100 years War Memorial Souldrop

In light of the 100th anniversary of the end of world war 1, It seems an apt time to publish a little bit of detail about the boys and girls who sacrificed their futures for ours

The Souldrop War memorial, Lest we forget

The Souldrop War memorial, Lest we forget

1914-1918
ADAMS John Henry 20 years old
Killed in action Wednesday, 15th November 1916
Private 31464, 58th Company, Machine Gun Corps (Infantry). in France & Flanders. Born and resident Souldrop, enlisted in Ampthill. Son of George Henry and Emma Adams, of Banktop, Souldrop.
Formerly, 23587, Bedfordshire Regiment. Commemorated on the Thiepval Memorial on the Somme, France. Pier and Face 5 C and 12 C
The Battle of the Ancre 13–18 November, was the final large British attack of the Battle of the Somme in 1916, before winter. (After the Battle of Flers–Courcelette on 22 September, the Anglo-French armies tried to press their advantage with several smaller attacks in quick succession, rather than pause to regroup and give the German army’s time to recover.

BIRD Percy 18 years old
Private 27004 Royal Fusiliers, died 2nd April 1917
Private TR/10/27004, 31st (Training Reserve) Battalion, Royal Fusiliers (City of London Regiment). Died at home Monday, 2nd April 1917. Born Whymington, Northants, enlisted in Bedford, Son of Frederick and Annie Bird, of Souldrop. Buried in All Saints churchyard, Souldrop.

EDWARDS John
Acting Corporal 23660, 4th Battalion, Bedfordshire Regiment. Killed in action Sunday, 29th April 1917 in France & Flanders. Born and resident Souldrop, enlisted Bedford. Commemorated on Arras memorial, Pas de Calais, France. Bay 5.
The Battle of Arras (also known as the Second Battle of Arras) was a British offensive during the First World War. From 9 April to 16 May 1917, British, Canadian, South African, New Zealand, Newfoundland, and Australian troops attacked German defences near the French city of Arras on the Western Front. There were major gains on the first day, followed by stalemate. The battle cost nearly 160,000 British casualties and about 125,000 German casualties.

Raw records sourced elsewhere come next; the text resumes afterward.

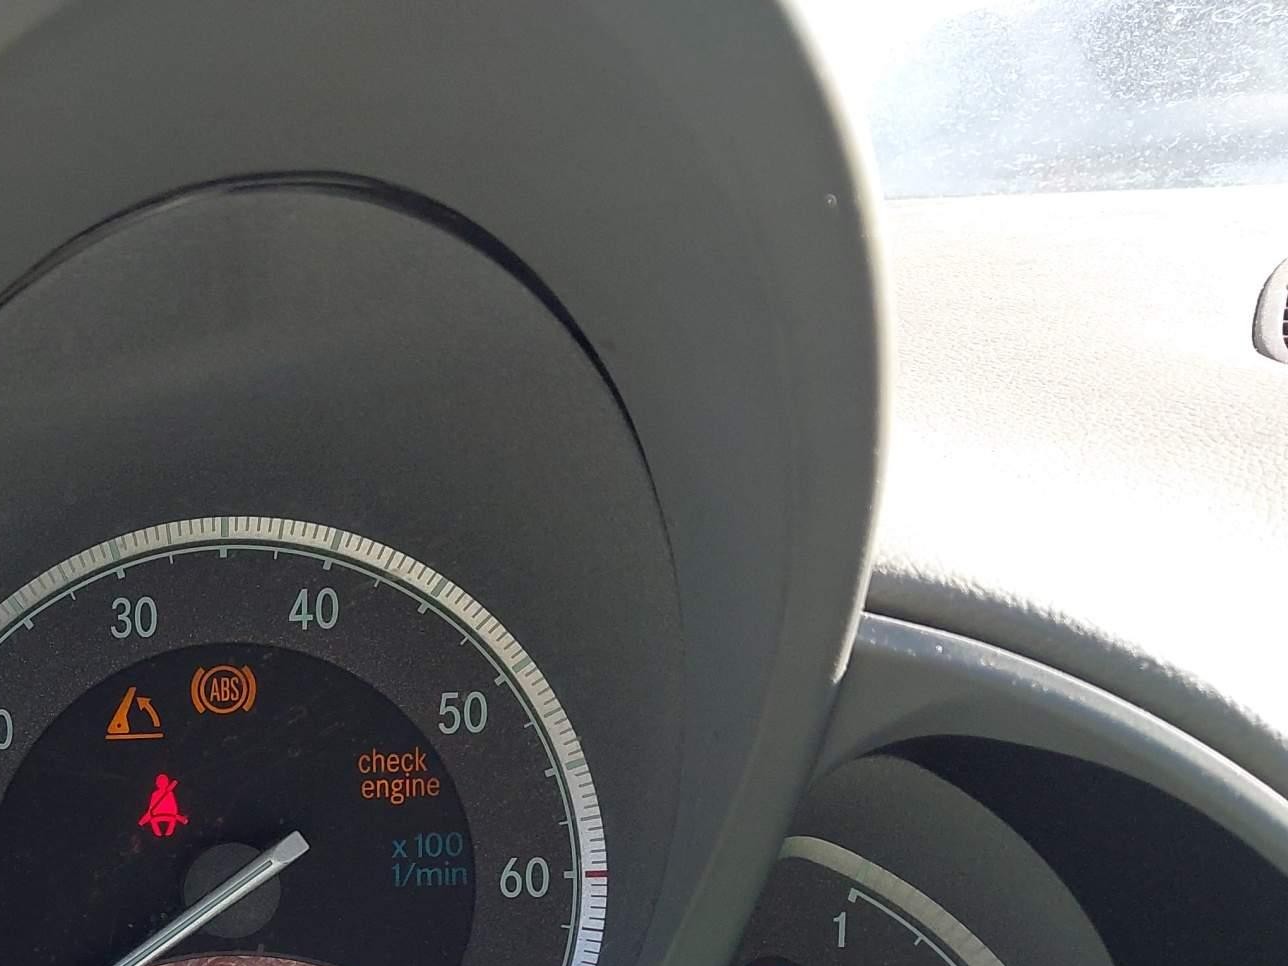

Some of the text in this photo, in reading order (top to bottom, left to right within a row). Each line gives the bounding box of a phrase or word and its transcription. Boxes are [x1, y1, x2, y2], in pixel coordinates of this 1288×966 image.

[109, 596, 158, 639] 30
[288, 587, 340, 631] 40
[210, 676, 240, 702] ABS
[438, 691, 489, 735] 50
[358, 746, 428, 774] check
[361, 772, 441, 805] engine
[391, 860, 469, 888] 1/min
[499, 856, 551, 899] 60
[832, 911, 846, 948] 1

JOHNSON Bertie Edward Malkin 25 years old
[Spelt Birty on SDGW] Private 23749, 4th Battalion, Bedfordshire Regiment.
Died at home Wednesday, 16th May 1917. Born Creaton, Northants, enlisted Ampthill, resident Souldrop. Son of Mrs. H. Johnson, The Green, Creaton, Northants. Buried in St Michael’s churchyard, South-East of church, Great Creaton, Northants.

KNIGHT Arthur Ernest
Private 23752, 4th Battalion, Bedfordshire Regiment. Killed in action Monday, 13th November 1916 in France. Born Northampton, enlisted Ampthill, resident Souldrop. Commemorated in Y Ravine cemetery, Beamont-Hamel, Somme, France. Special Memorial D. 2.
The Battle of the Ancre 13–18 November, was the final large British attack of the Battle of the Somme in 1916, before winter. (After the Battle of Flers–Courcelette on 22 September, the Anglo-French armies tried to press their advantage with several smaller attacks in quick succession, rather than pause to regroup and give the German armies time to recover.

PEERS Cecil Luke
Private G/14353, 1st Battalion, Buffs (East Kent Regiment). Died of wounds Thursday, 19th September 1918 in France & Flanders. Born Sharnbrook, enlisted Bedford, resident Colworth (sic), Sharnbrook. Buried in Brie british cemetery on the Somme, France. Grave I. E. 3.
Cannot find much, probably involved in the attack on the Hindenburg Line after crossing the St. Quentin Canal.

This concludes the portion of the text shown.